We are on the front end of the holiday trifecta. Thanksgiving, Christmas and New Years loom on the horizon. For most, it is a festive season. But for those living in loss it is often a difficult season of sorrow and endurance.

When Lydia and my first child, Bryan, died at 8 months old our oldest son, Matt, was 3 years of age.  We lived through the holidays as best we could. We honored Bryan by blending his presence into our holiday spirit while giving our child and each other the space to feel our loss. There were books for grieving parents that were helpful, but no matter how well written or insightful books for grieving the loss of a child can be, there was still the need to balance the joy and sorrow for Matt, and for us.

When Lydia died four years later, the holidays intensified Matt’s loss and my desire to hold the space of joy and sorrow for him. We lived with what we had in the shadow of the ones we could no longer hold. We missed Bryan. We missed Lydia.

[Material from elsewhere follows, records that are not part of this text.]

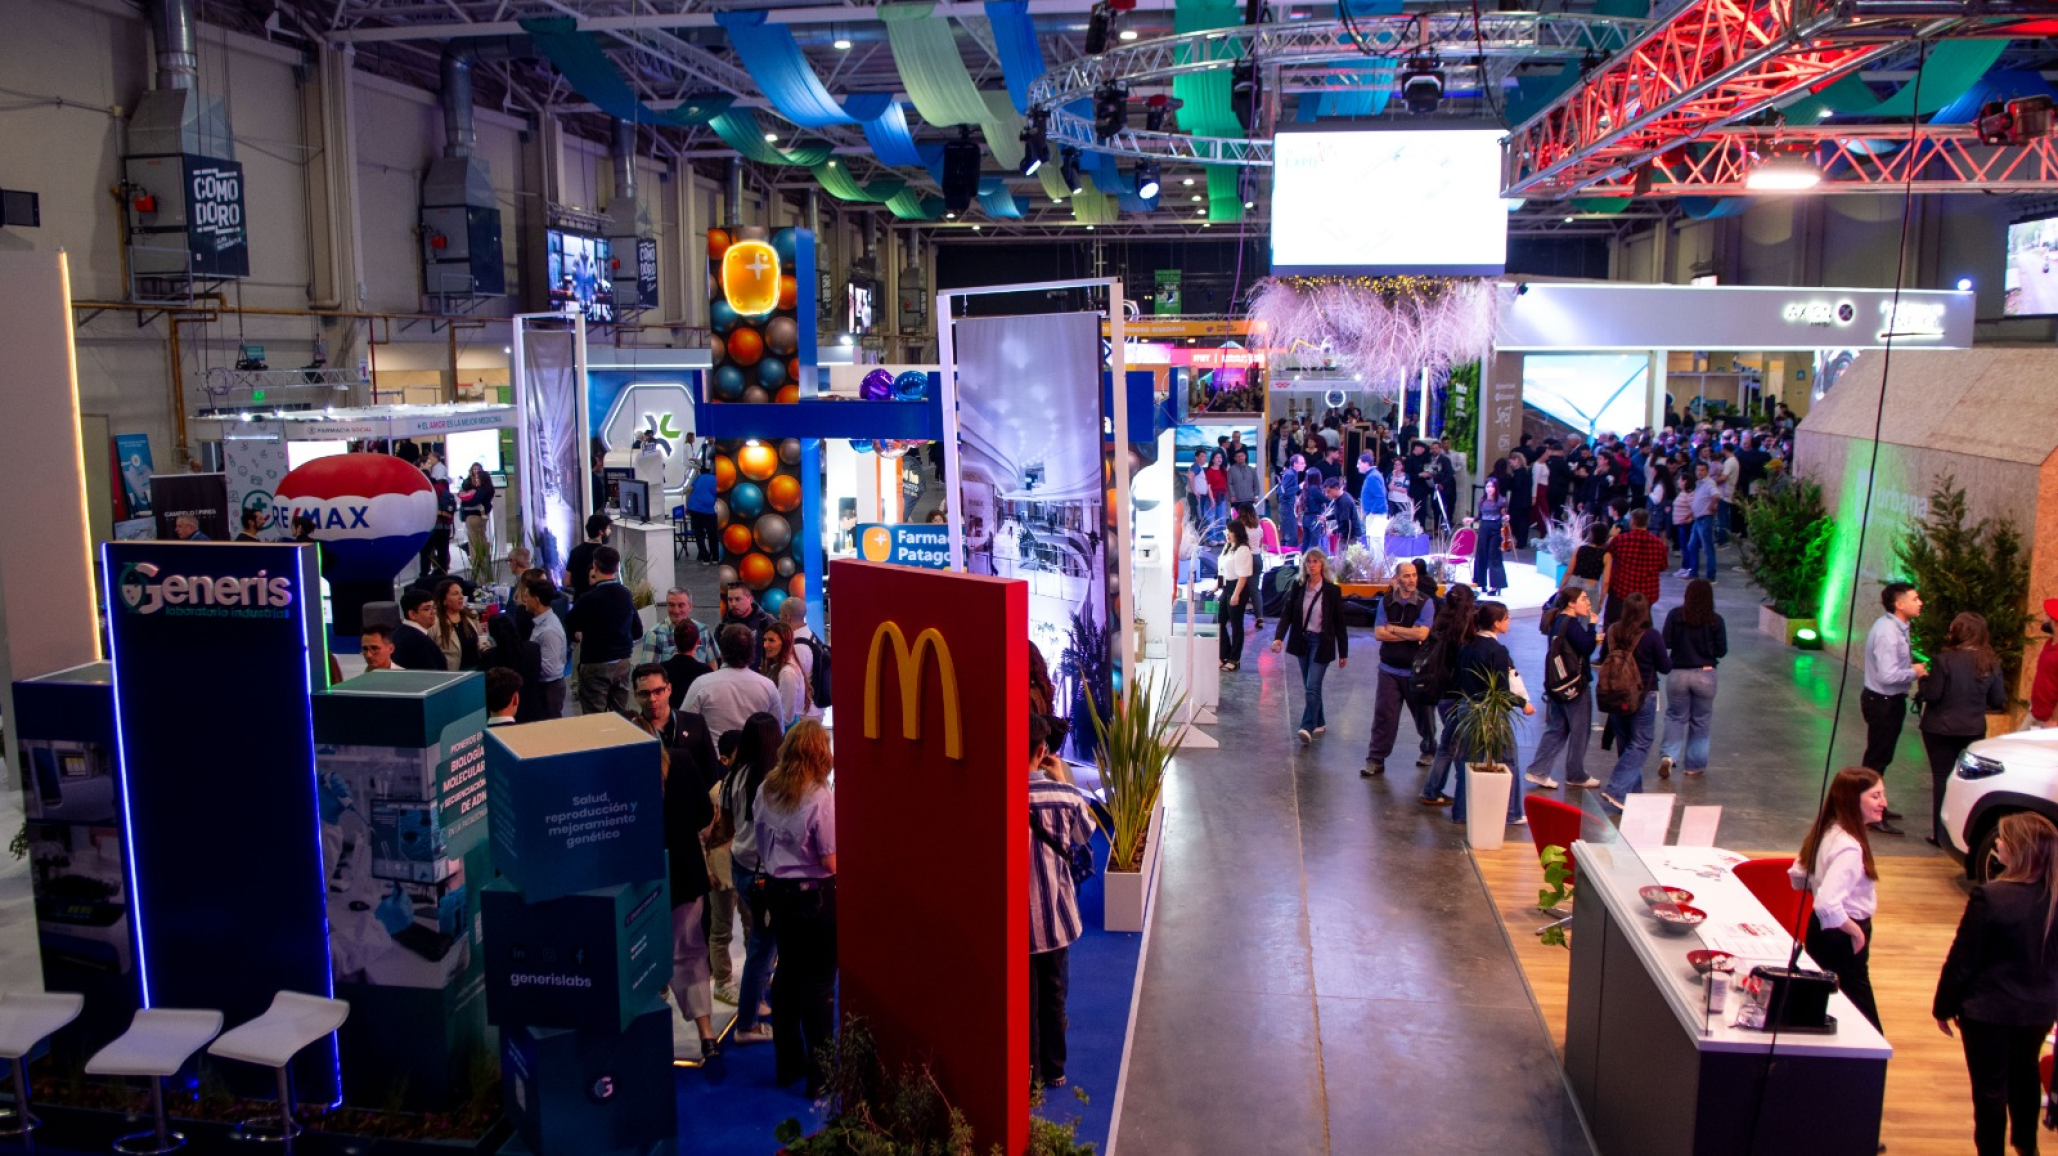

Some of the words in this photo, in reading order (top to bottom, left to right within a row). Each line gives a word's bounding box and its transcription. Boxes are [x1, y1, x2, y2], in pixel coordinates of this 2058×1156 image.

[193, 176, 239, 203] COMO
[195, 201, 241, 228] DORO
[421, 421, 429, 431] EL
[429, 419, 446, 429] AMOR
[447, 418, 454, 428] ES
[454, 418, 460, 427] LA
[460, 417, 478, 427] MEJOR
[478, 415, 503, 426] MEDICINA
[118, 561, 293, 615] Generis
[165, 606, 229, 617] laboratorio
[231, 607, 290, 619] industrial
[451, 743, 485, 773] BIOLOGÍA
[442, 760, 486, 793] MOLECULAR
[461, 799, 473, 815] DE
[572, 791, 611, 806] Salud,
[544, 801, 628, 824] reproducción
[630, 800, 638, 812] y
[548, 814, 636, 837] mejoramiento
[566, 828, 621, 849] genético
[509, 972, 593, 988] generislabs

Matt died three years later on November 10, 1992. I did not participate in Thanksgiving, Christmas or New Years. The holidays that the world around me celebrated went on without me.

Benjamin Collage

To this day, holidays magnify what I will always carry – the loss of the ones I will always love. But in that magnification is not just the loss of what I had, but also the deep gratitude of the lives I had to privilege to be given.

My relationship with the ones I will always love and lost did not end at their deaths. Our relationship continues to evolve in the expansion of our love. Life is different. Love is different. But time did not freeze. The river still flows and everywhere I go, they go.

I no longer brace myself for the holiday season. My leaning into everyday with whatever I feel has given me a way to lean into the holidays with the same openness. The best way to prepare for the next moment is to live fully in this one. And when I am open to love, love finds me… and I find love whatever day it may be.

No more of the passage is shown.